The Custom of the Country eBook

This eBook from the Gutenberg Project consists of approximately 534 pages of information about The Custom of the Country.

The Custom of the Country eBook

This eBook from the Gutenberg Project consists of approximately 534 pages of information about The Custom of the Country.

A slight laugh sounded from the raised dais behind the easel.

“Of course they’re not!  But it’s not his fault, poor man; he didn’t give them to me!” As she spoke Mrs. Ralph Marvell rose from a monumental gilt arm-chair of pseudo-Venetian design and swept her long draperies to Van Degen’s side.

“He might, then—­for the privilege of painting you!” the latter rejoined, transferring his bulging stare from the counterfeit to the original.  His eyes rested on Mrs. Marvell’s in what seemed a quick exchange of understanding; then they passed on to a critical inspection of her person.  She was dressed for the sitting in something faint and shining, above which the long curves of her neck looked dead white in the cold light of the studio; and her hair, all a shadowless rosy gold, was starred with a hard glitter of diamonds.

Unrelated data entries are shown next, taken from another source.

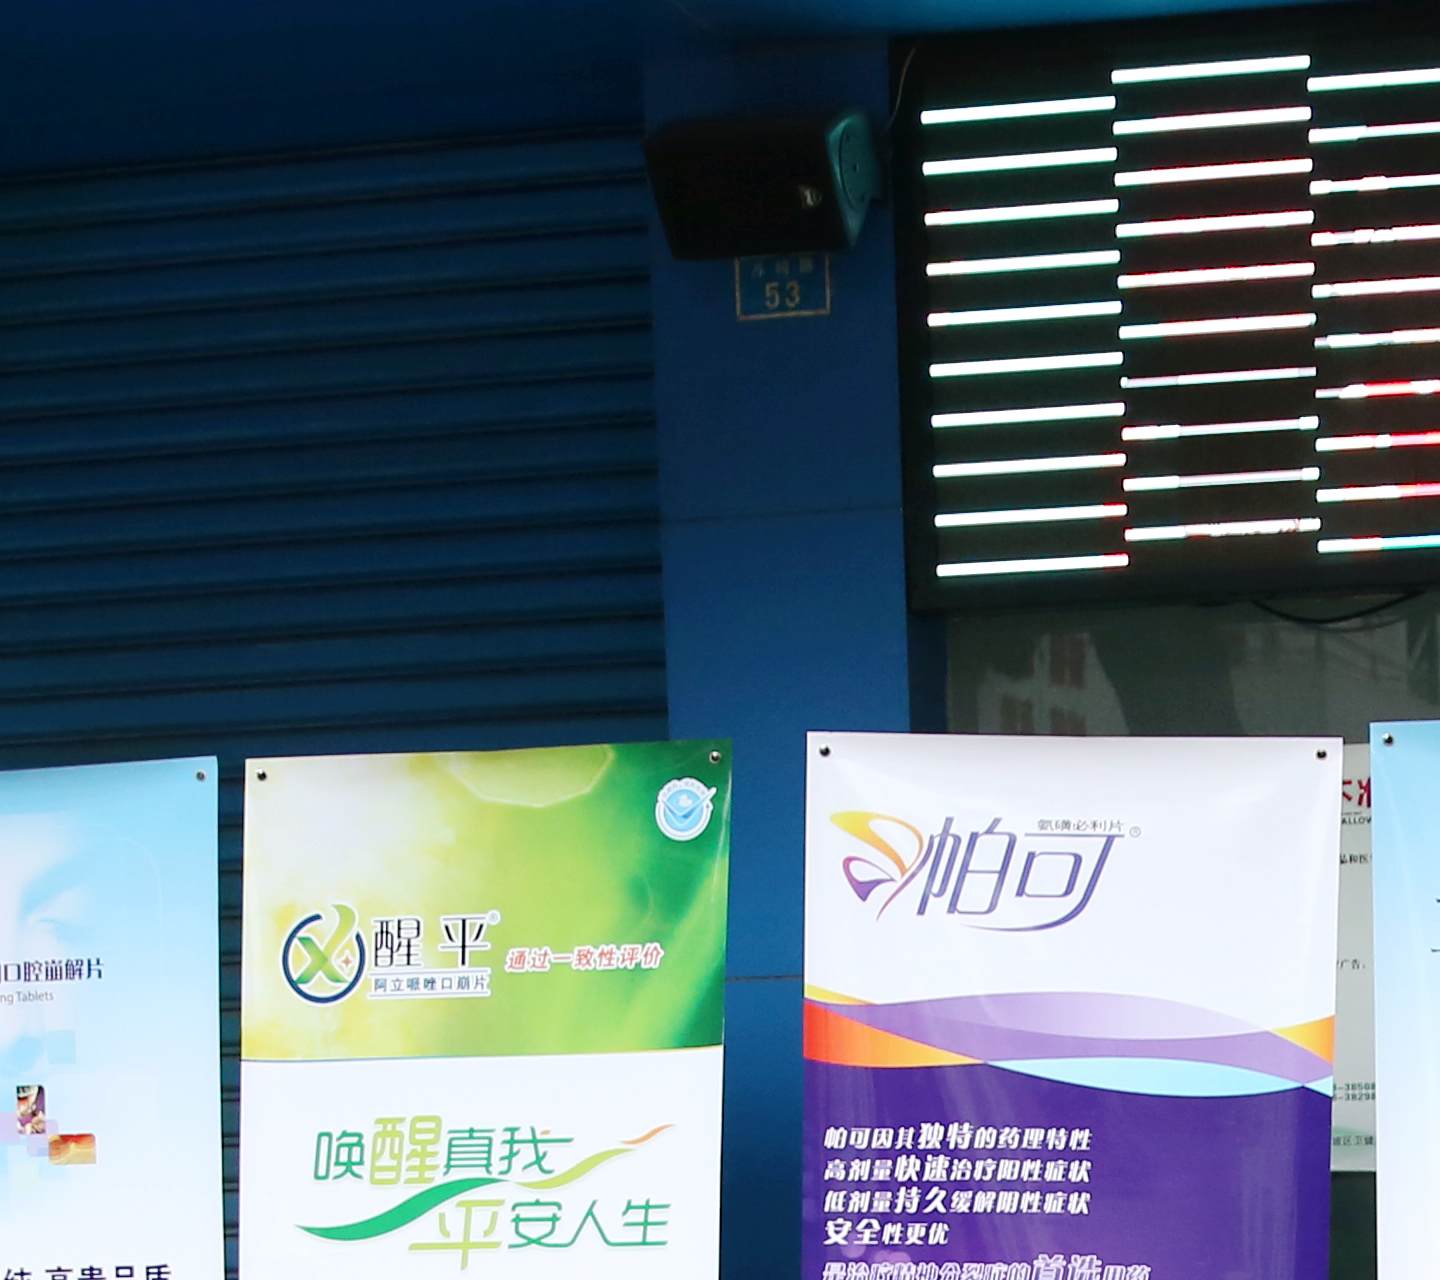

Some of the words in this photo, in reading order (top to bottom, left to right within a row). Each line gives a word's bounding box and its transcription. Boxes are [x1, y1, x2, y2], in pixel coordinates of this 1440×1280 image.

[764, 281, 801, 310] 53
[916, 815, 1125, 932] 帕可
[373, 917, 490, 968] 醒平
[506, 944, 663, 970] 通过一致性评价
[16, 990, 54, 1003] Tablets
[312, 1114, 575, 1186] 唤醒真我
[823, 1121, 1093, 1151] 帕可因其独特的药理特性
[823, 1153, 1093, 1184] 高剂量快速治疗阳性症状
[823, 1186, 1092, 1215] 低剂量持久缓解阴性症状
[408, 1198, 672, 1271] 平安人生
[823, 1217, 950, 1246] 安全性更优

“The privilege of painting me?  Mercy, I have to pay for being painted!  He’ll tell you he’s giving me the picture—­but what do you suppose this cost?” She laid a finger-tip on her shimmering dress.

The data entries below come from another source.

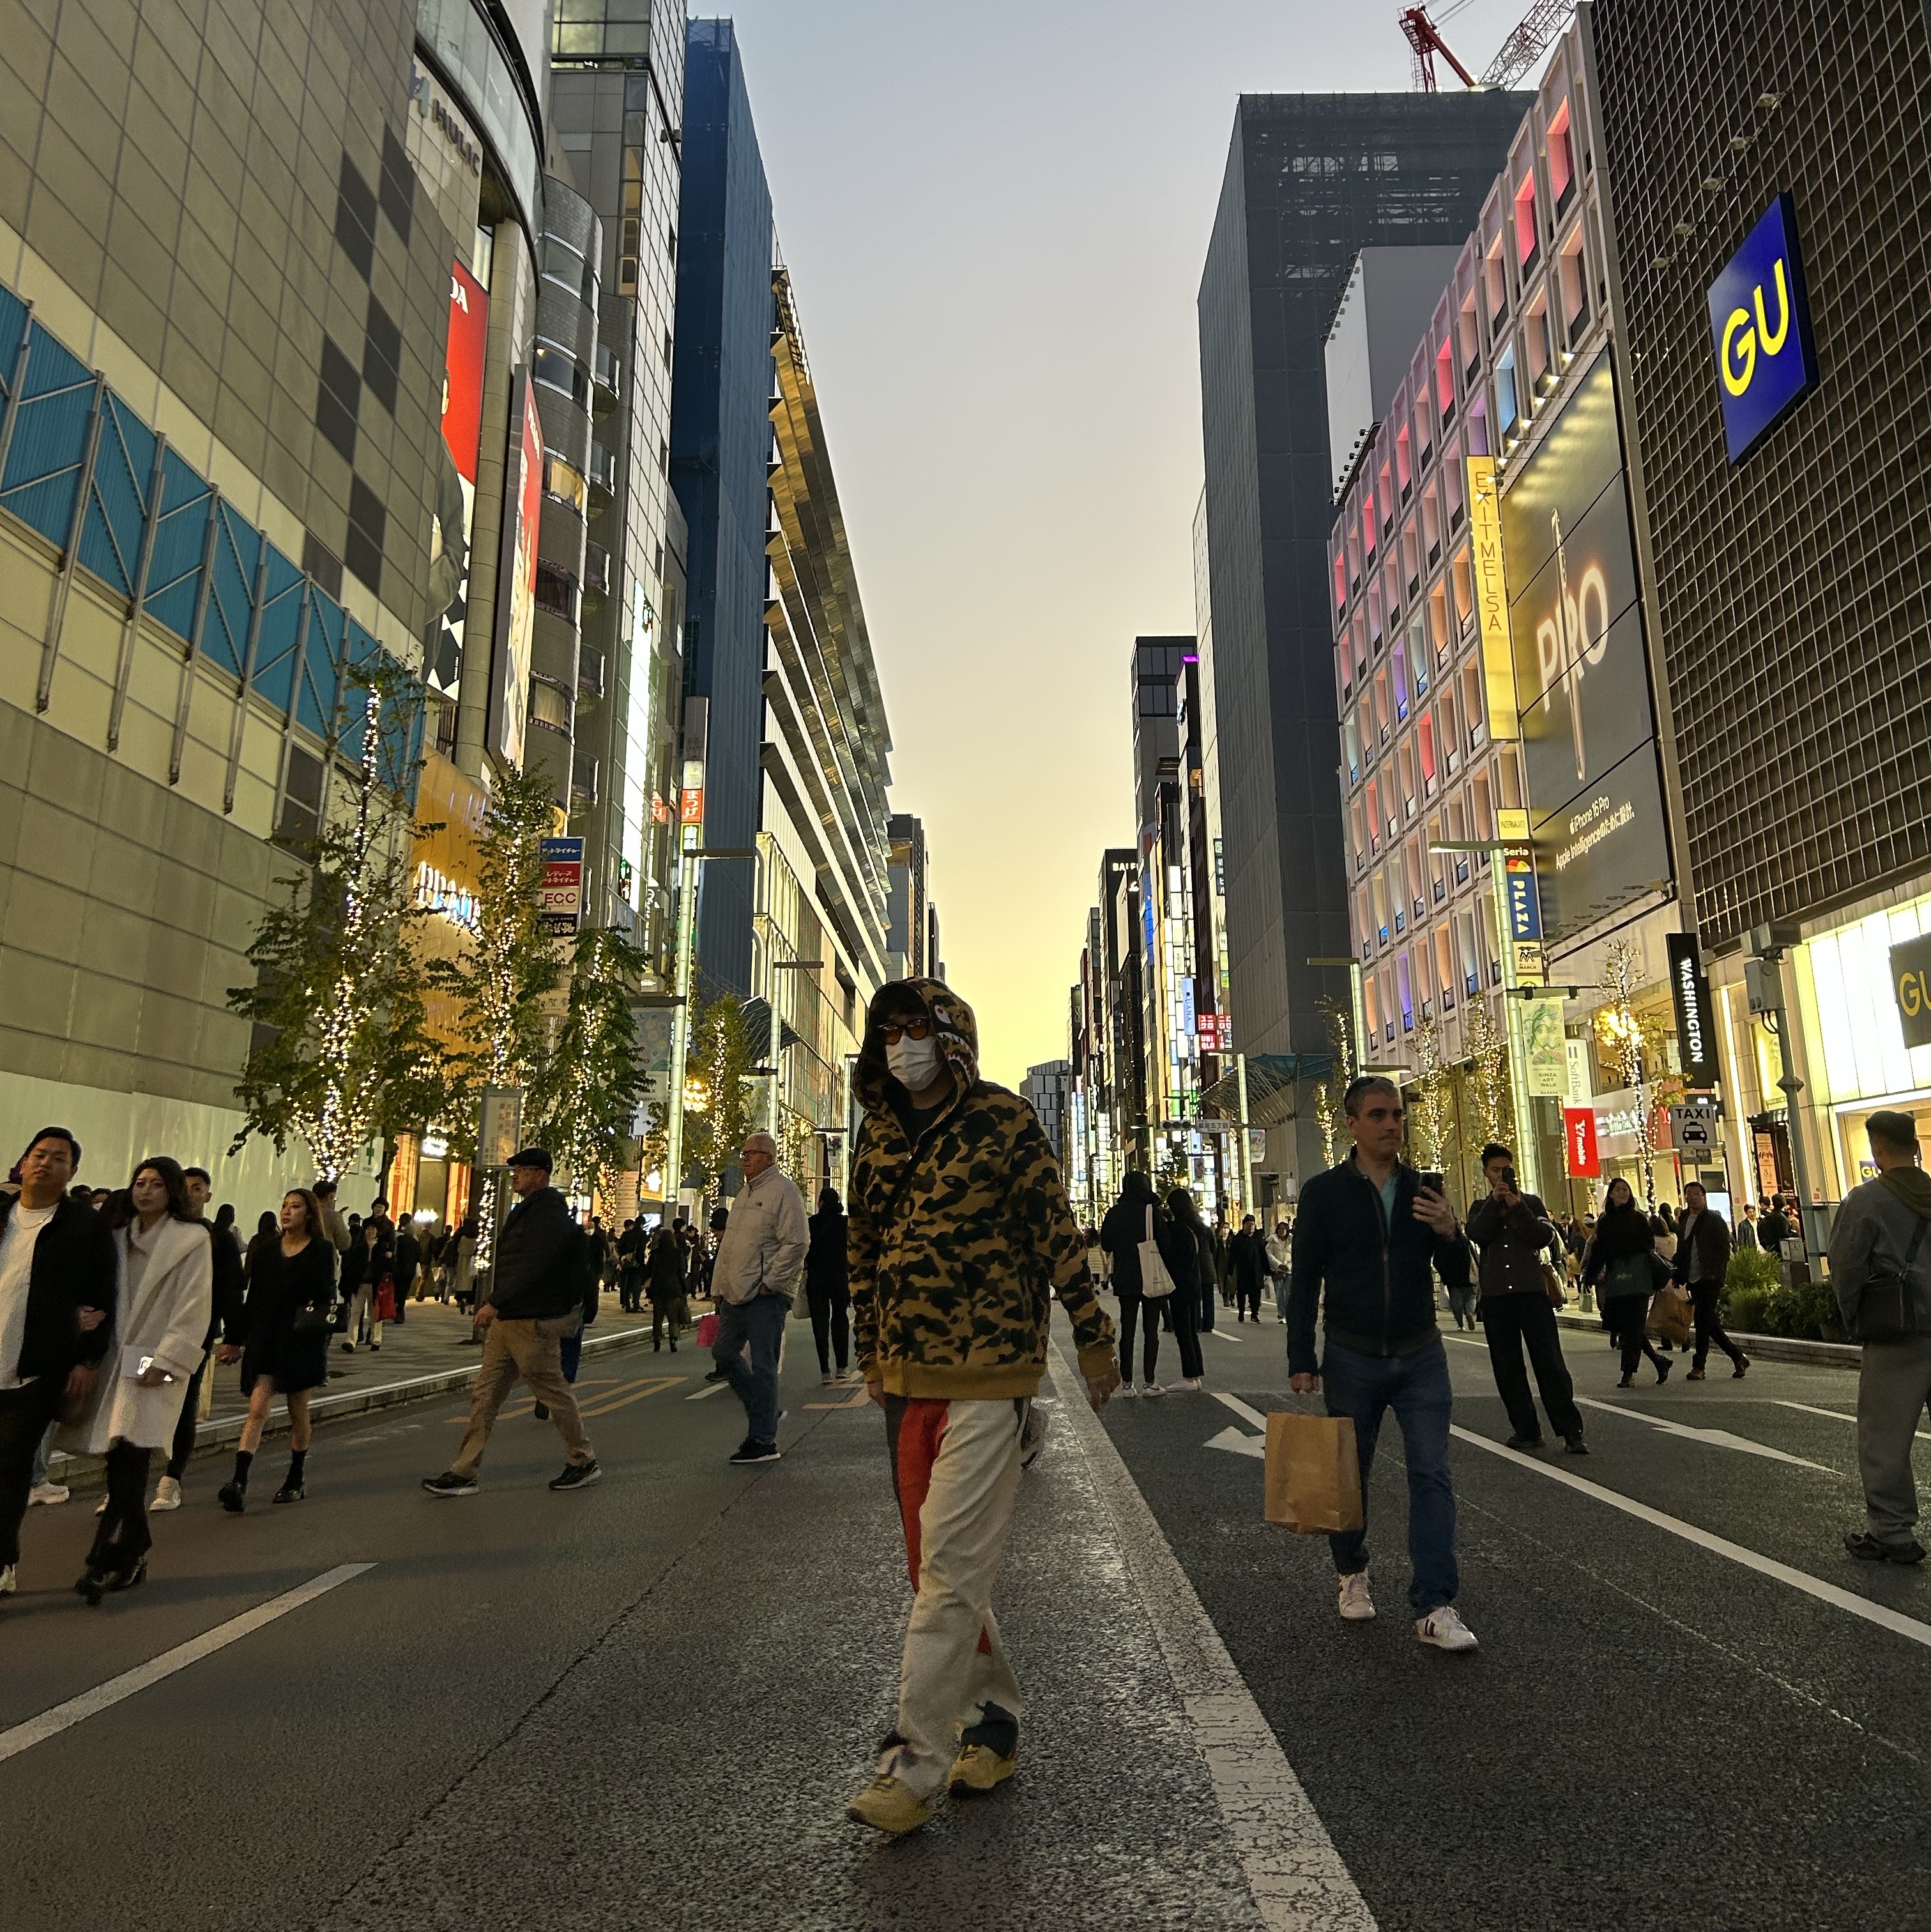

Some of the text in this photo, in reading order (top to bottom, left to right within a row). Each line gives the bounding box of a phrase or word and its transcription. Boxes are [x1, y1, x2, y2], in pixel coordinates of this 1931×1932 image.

[432, 98, 480, 178] HULIC
[1721, 258, 1789, 396] GU
[1475, 471, 1502, 631] EXITMELSA
[1573, 796, 1610, 832] iPhone 16 Pro
[1503, 847, 1529, 856] Seria
[1556, 848, 1571, 870] Apple
[544, 893, 577, 904] ECC
[1513, 880, 1530, 934] PLAZA
[1185, 997, 1193, 1022] DIANA
[1679, 957, 1704, 1062] WASHINGTON
[1569, 1061, 1583, 1105] SoftBank
[1675, 1108, 1710, 1119] TAXI
[1575, 1119, 1587, 1166] Y!mobile

Van Degen’s eye rested on her with cold enjoyment.  “Does the price come higher than the dress?”

She ignored the allusion.  “Of course what they charge for is the cut—­”

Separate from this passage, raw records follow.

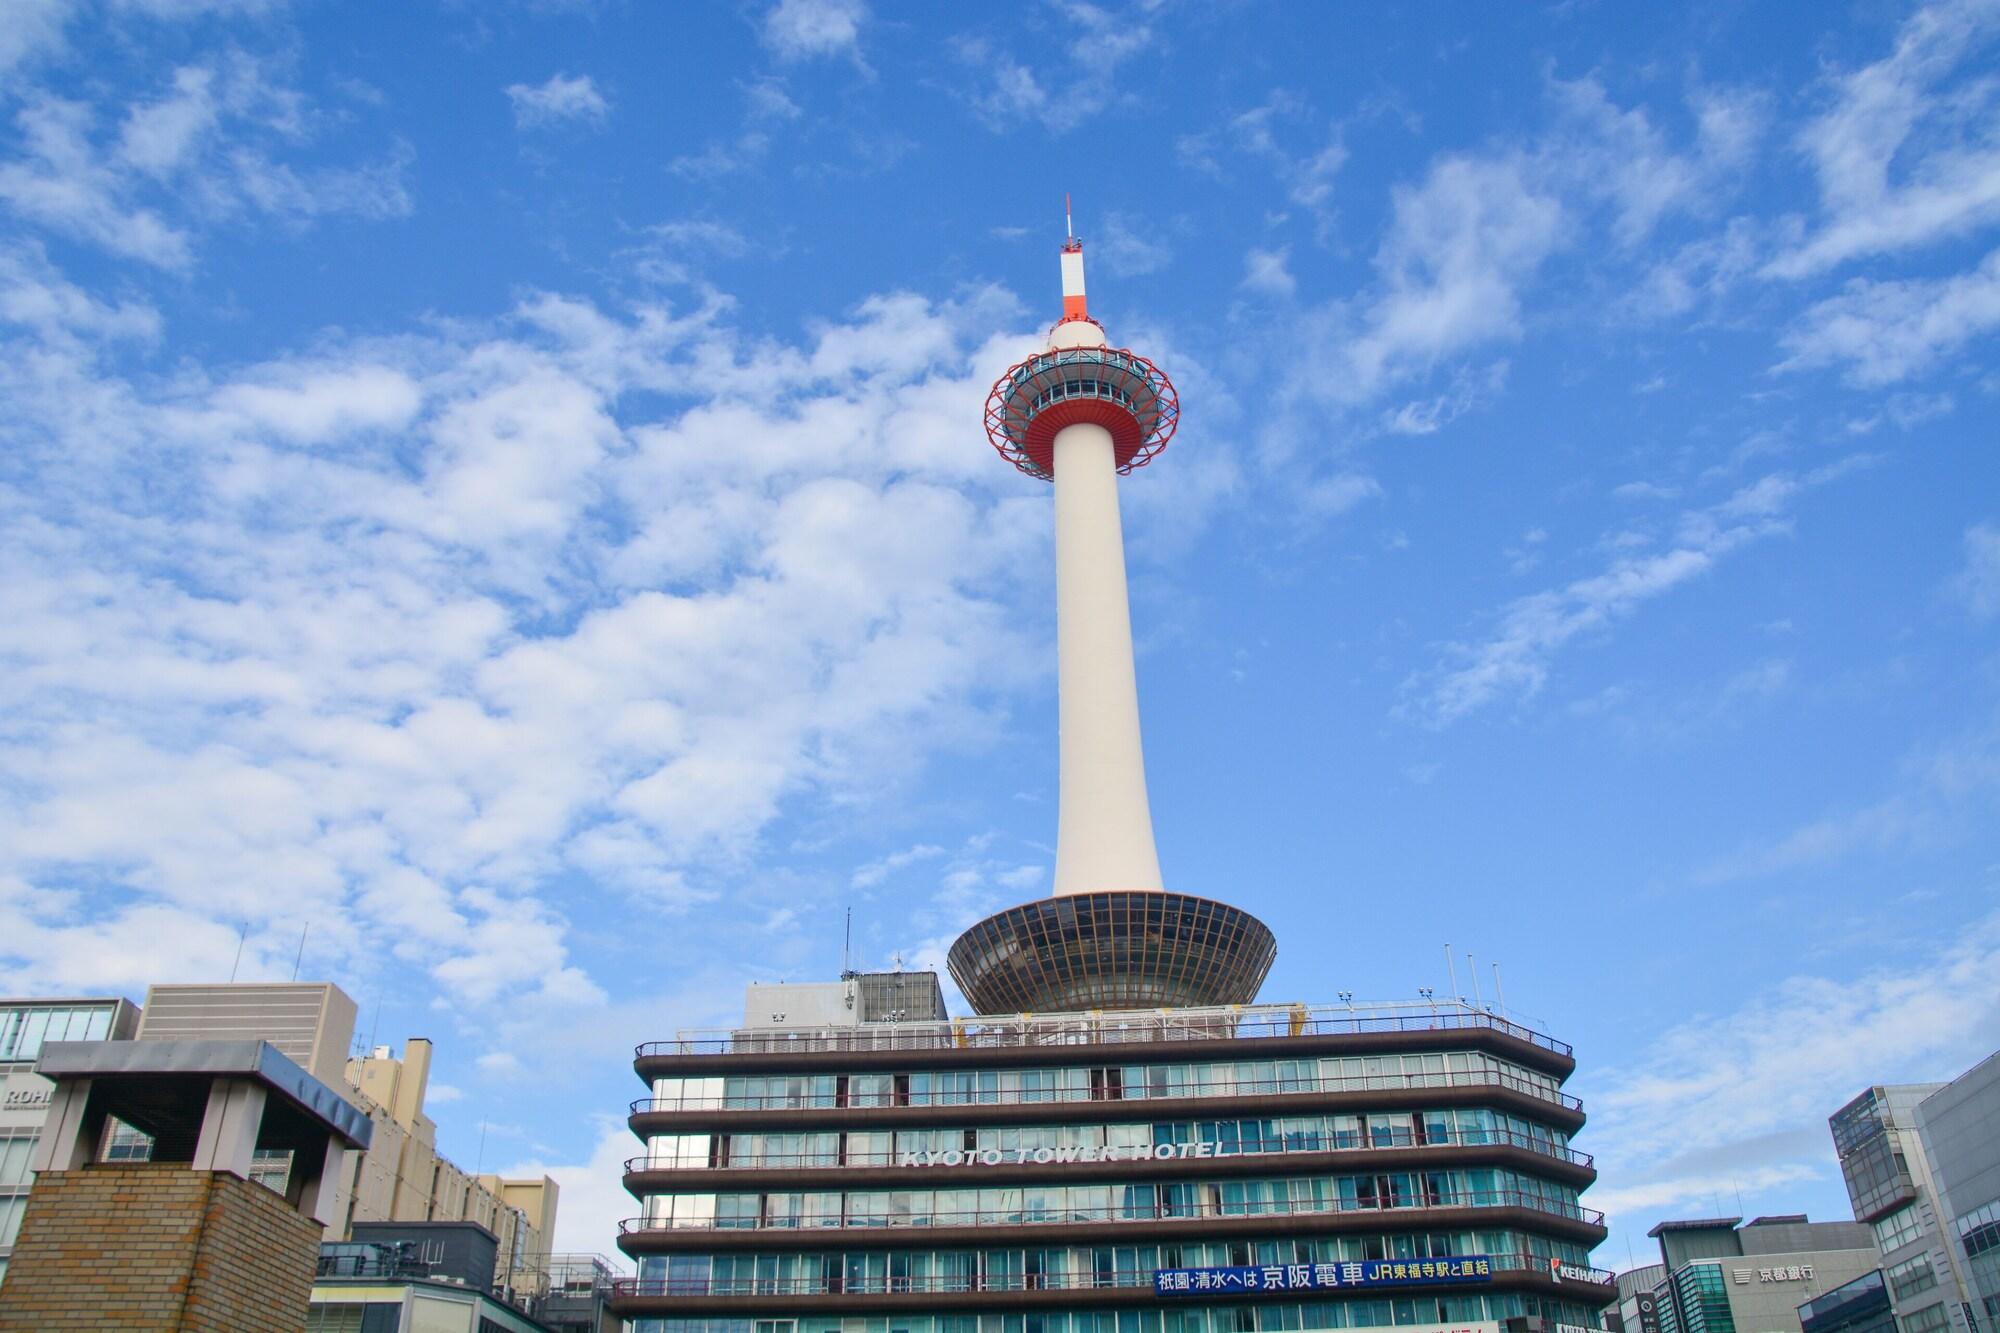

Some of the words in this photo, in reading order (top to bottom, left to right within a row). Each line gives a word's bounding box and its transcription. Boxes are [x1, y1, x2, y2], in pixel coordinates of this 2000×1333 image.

[5, 1090, 51, 1104] ROH
[901, 1149, 1002, 1167] KYOTO
[1015, 1146, 1118, 1164] TOWER
[1130, 1141, 1229, 1161] HOTEL
[1262, 1262, 1365, 1290] 京阪電車
[1369, 1259, 1490, 1281] JR東福寺駅と直結
[1560, 1265, 1604, 1285] KEIHAN
[1758, 1264, 1814, 1282] 京都銀行

“What they cut away?  That’s what they ought to charge for, ain’t it, Popp?”

Undine took this with cool disdain, but Mr. Popple’s sensibilities were offended.

“My dear Peter—­really—­the artist, you understand, sees all this as a pure question of colour, of pattern; and it’s a point of honour with the man to steel himself against the personal seduction.”

Mr. Van Degen received this protest with a sound of almost vulgar derision, but Undine thrilled agreeably under the glance which her portrayer cast on her.  She was flattered by Van Degen’s notice, and thought his impertinence witty; but she glowed inwardly at Mr. Popple’s eloquence.  After more than three years of social experience she still thought he “spoke beautifully,” like the hero of a novel, and she ascribed to jealousy the lack of seriousness with which her husband’s friends regarded him.  His conversation struck her as intellectual, and his eagerness to have her share his thoughts was in flattering contrast to Ralph’s growing tendency to keep his to himself.  Popple’s homage seemed the, subtlest proof of what Ralph could have made of her if he had “really understood” her.  It was but another step to ascribe all her past mistakes to the lack of such understanding; and the satisfaction derived from this thought had once impelled her to tell the artist that he alone knew how to rouse her ‘higher self.’  He had assured her that the memory of her words would thereafter hallow his life; and as he hinted that it had been stained by the darkest errors she was moved at the thought of the purifying influence she exerted.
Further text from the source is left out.